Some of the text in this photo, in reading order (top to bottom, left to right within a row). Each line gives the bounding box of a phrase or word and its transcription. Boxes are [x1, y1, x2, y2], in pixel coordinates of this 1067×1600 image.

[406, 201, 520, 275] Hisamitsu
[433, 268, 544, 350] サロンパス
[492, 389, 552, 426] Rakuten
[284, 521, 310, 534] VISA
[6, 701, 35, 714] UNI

▶ [Assignment]:
Every record above is to be restated exactly as it reads.

▶ [Solution for this problem]:
Some of the text in this photo, in reading order (top to bottom, left to right within a row). Each line gives the bounding box of a phrase or word and its transcription. Boxes are [x1, y1, x2, y2], in pixel coordinates of this 1067×1600 image.

[406, 201, 520, 275] Hisamitsu
[433, 268, 544, 350] サロンパス
[492, 389, 552, 426] Rakuten
[284, 521, 310, 534] VISA
[6, 701, 35, 714] UNI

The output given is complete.